How Has Baguio City Changed Over the Last 30 Years?

As it continues to embrace development and tourism, the City of Pines undergoes a drastic change

Photo by Pushpins

There is no doubt that Baguio City is a top-of-mind destination as soon as the hot season kicks in. In fact, just last year, the city touted as the Summer Capital of the Philippines saw a 15.7 percent (that’s about 1.8 million visitors ) increase in tourist arrivals compared with the numbers in 2017.

Baguio has continued to attract hordes of tourists especially during the summer months and Christmas season. Its popularity can be attributed to the cool weather and the Panagbenga Festival, plus the growing number of food establishments that have been popping up in the recent years, And since the construction of the Tarlac-Pangasinan-La Union Expressway (TPLEX), the city has also become an accessible weekend destination all year round.

The influx of tourists undoubtedly created more job opportunities for the locals, further spurring the development of the city. Unfortunately, all this has taken a toll on the city itself. In recent years, a number of issues has plagued Baguio: waste management disposalworsening traffic situation, and depleting natural resources. In a span of 30 years, the once bucolic destination has seen drastic changes.

Man vs. nature

The following figures illustrate how the city looks then and now, and how Baguio has changed within the last three decades as urban development gradually encroach on natural terrain. Also shown are the derived built-up or developed areas generated from their Normalized Difference Built-up Indices (NDBI) and Normalized Difference Vegetation Indices (NDVI). Please note that these data are based on our interpretation of the satellite imageries. No verification on the ground was conducted.
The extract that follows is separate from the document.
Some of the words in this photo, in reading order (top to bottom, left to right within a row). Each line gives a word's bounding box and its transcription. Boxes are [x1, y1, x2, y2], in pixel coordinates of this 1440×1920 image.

In 1988, developed areas covered only about eight percent of Baguio. These were generally scattered all throughout the city. A big chunk was located downtown (i.e., Session Road, the City Market, the City Hall, the Baguio Cathedral, and all developments around Burnham Park). A relatively high density of built-up areas likewise occupied the surroundings of the Loakan Airport and the barangays of Pinguet and the Quirino Hills (East, West, Middle, and Lower).
Paving paradise

Fast forward to 30 years, and the developments have grown by more than double, particularly in the northern part of the city. Existing urban districts that stem from downtown Baguio have become denser and are encroaching on open spaces. Furthermore, small patches of built-up areas, such as those located in the northwestern part of the city, have mushroomed. Burnham Park, which used to be hemmed in only in its northern side, is now surrounded by various structures.
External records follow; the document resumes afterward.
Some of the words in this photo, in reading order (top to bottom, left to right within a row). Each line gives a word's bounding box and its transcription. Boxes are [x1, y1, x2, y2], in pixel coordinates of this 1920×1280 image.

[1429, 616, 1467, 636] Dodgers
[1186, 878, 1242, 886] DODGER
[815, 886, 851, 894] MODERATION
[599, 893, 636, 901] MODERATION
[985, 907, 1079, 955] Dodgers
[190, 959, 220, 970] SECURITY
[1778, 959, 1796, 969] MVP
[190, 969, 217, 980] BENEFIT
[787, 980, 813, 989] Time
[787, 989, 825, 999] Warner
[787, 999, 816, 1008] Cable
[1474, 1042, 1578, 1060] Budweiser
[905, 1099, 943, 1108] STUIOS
Outgoing Mayor Mauricio Domogan recently suggested to exempt Baguio  from Presidential Decree 705, which states that “no land of the public domain eighteen percent (18%) in slope or over shall be classified as alienable and disposable.” This means that forested areas, which are considered public domain, cannot be utilized for developments, commercial or otherwise. However, even before Domogan’s request, the said presidential decree had already been revised to give more leeway to lands that have been used for agricultural and residential purposes provided certain parameters were met. This is, in part, due to the city’s terrain. Hence, completely exempting Baguio from the decree, as Domogan suggested, will open the city to further developments.

The figures below show the slope maps of Baguio derived from the Shuttle Radar Topography Mission (SRTM) Version 3.0 Global 1 arc second data. While both may look similar, the second map has been further simplified to better illustrate which regions are less than 18% in slope and which are equal to or above the threshold value.


Overlaying these maps with the 2018 built-up area data reveals that structures have been erected on these otherwise restricted lands, as evident in the map below. Whether the legal requirements have been met is still in question.


Meanwhile, the map below shows the remaining patches of undeveloped land with slopes that are less than 18%. This makes up about 25% of the city’s land area, and includes prominent tourist sites like Camp John Hay and Baguio Country Club. Exploiting these would mean further depletion of the city’s land resources.


Baguio’s charm lies in its natural attractions—the cool clime, idyllic surroundings, and towering pine trees. If Baguio City hopes to remain as the Summer Capital of the Philippines, it must find a way to urgently promote sustainable tourism and development.

The images presented above were generated from Landsat 5 and 8  satellite imageries courtesy of the U.S. Geological Survey.

All information presented here are based on limited data available and are only meant for an overview of the subject. For in-depth analyses, an extensive study is necessary.